Thanks for the review comments Dave. With the commit:a4c74ddd5ea3db53fc73d29c222b22656a7d05be, I see this has been taken care in mark_reserved_regions_for_nid(). In that case we may only need the change made in reserve_bootmem_node().

Hello Andrew,
Could you please consider the following patch instead of the original patch in this thread.
Thanks,


When booted with crashkernel=224M@32M or any memory size less than this, the system boots properly. The system comes up with two nodes (0-256M and 256M-4GB). The crashkernel memory reservation spans across these two nodes. The mark_reserved_regions_for_nid() in arch/powerpc/numa.c resizes the reserved part of the memory within it as...

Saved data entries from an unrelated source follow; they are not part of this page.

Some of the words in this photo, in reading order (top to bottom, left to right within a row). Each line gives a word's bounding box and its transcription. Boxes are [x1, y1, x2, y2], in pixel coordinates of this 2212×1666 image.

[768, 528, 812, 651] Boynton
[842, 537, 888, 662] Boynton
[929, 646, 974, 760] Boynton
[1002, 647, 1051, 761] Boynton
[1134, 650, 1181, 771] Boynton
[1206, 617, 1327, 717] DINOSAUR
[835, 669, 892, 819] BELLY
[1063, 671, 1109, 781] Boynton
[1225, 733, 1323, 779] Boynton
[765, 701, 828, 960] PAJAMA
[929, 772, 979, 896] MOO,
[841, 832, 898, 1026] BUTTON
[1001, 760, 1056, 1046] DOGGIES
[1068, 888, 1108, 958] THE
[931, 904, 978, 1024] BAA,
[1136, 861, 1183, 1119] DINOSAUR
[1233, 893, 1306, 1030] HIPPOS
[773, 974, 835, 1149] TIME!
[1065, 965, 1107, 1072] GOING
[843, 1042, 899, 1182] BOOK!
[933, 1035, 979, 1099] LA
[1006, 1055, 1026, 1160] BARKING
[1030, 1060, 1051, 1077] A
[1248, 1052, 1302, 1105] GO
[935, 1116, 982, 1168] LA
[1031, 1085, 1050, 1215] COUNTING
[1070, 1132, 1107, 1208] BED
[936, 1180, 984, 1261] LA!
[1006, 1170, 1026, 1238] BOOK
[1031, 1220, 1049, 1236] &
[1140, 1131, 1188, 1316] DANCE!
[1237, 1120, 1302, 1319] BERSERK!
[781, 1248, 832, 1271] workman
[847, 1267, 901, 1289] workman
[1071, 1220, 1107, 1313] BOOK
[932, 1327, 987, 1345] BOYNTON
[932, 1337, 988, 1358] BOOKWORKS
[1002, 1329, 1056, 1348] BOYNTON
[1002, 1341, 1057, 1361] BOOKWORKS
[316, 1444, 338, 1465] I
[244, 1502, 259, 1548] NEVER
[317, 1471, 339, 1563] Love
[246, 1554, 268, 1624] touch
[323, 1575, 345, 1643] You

if (end_pfn > node_ar.end_pfn)
reserve_size = (node_ar.end_pfn << PAGE_SHIFT)
- (start_pfn << PAGE_SHIFT);

but the reserve_bootmem_node() in mm/bootmem.c raises the pfn value of end

end = PFN_UP(physaddr + size);

This causes end to get a value past the last page in the 0-256M node. The following change restricts the value of end if it exceeds the last pfn in a given node.

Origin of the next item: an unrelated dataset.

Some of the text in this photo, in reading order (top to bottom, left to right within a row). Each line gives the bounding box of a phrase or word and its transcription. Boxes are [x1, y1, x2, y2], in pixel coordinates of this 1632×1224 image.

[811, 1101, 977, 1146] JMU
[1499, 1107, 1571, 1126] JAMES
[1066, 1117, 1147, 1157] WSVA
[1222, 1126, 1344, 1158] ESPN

Signed-off-by: Chandru S <[email protected]>
Cc: Dave Hansen <[email protected]>
---

mm/bootmem.c | 4 ++++
1 file changed, 4 insertions(+)


--- linux-2.6.28/mm/bootmem.c.orig 2009-01-05 20:42:12.000000000 +0530
+++ linux-2.6.28/mm/bootmem.c 2009-01-05 20:43:53.000000000 +0530
@@ -375,10 +375,14 @@ int __init reserve_bootmem_node(pg_data_
unsigned long size, int flags)
{
unsigned long start, end;
+ bootmem_data_t *bdata = pgdat->bdata;

start = PFN_DOWN(physaddr);
end = PFN_UP(physaddr + size);

+ if (end > bdata->node_low_pfn)
+ end = bdata->node_low_pfn;
+
return mark_bootmem_node(pgdat->bdata, start, end, 1, flags);
}

2009-01-05 16:30:49

by Dave Hansen

[permalink] [raw]
Subject: Re: 2.6.28-rc9 panics with crashkernel=256M while booting

On Mon, 2009-01-05 at 19:19 +0530, Chandru wrote:
> On Tuesday 30 December 2008 03:06:07 Dave Hansen wrote:
> When booted with crashkernel=224M@32M or any memory size less than
> this, the system boots properly. The system comes up with two nodes
> (0-256M and 256M-4GB). The crashkernel memory reservation spans across
> these two nodes. The mark_reserved_regions_for_nid() in
> arch/powerpc/numa.c resizes the reserved part of the memory within it
> as...
>
> if (end_pfn > node_ar.end_pfn)
> reserve_size = (node_ar.end_pfn << PAGE_SHIFT)
> - (start_pfn << PAGE_SHIFT);
>
> but the reserve_bootmem_node() in mm/bootmem.c raises the pfn value of
> end
>
> end = PFN_UP(physaddr + size);
>
> This causes end to get a value past the last page in the 0-256M node.
> The following change restricts the value of end if it exceeds the last
> pfn in a given node.

OK, I had to think about this for a good, long time. That's bad. :)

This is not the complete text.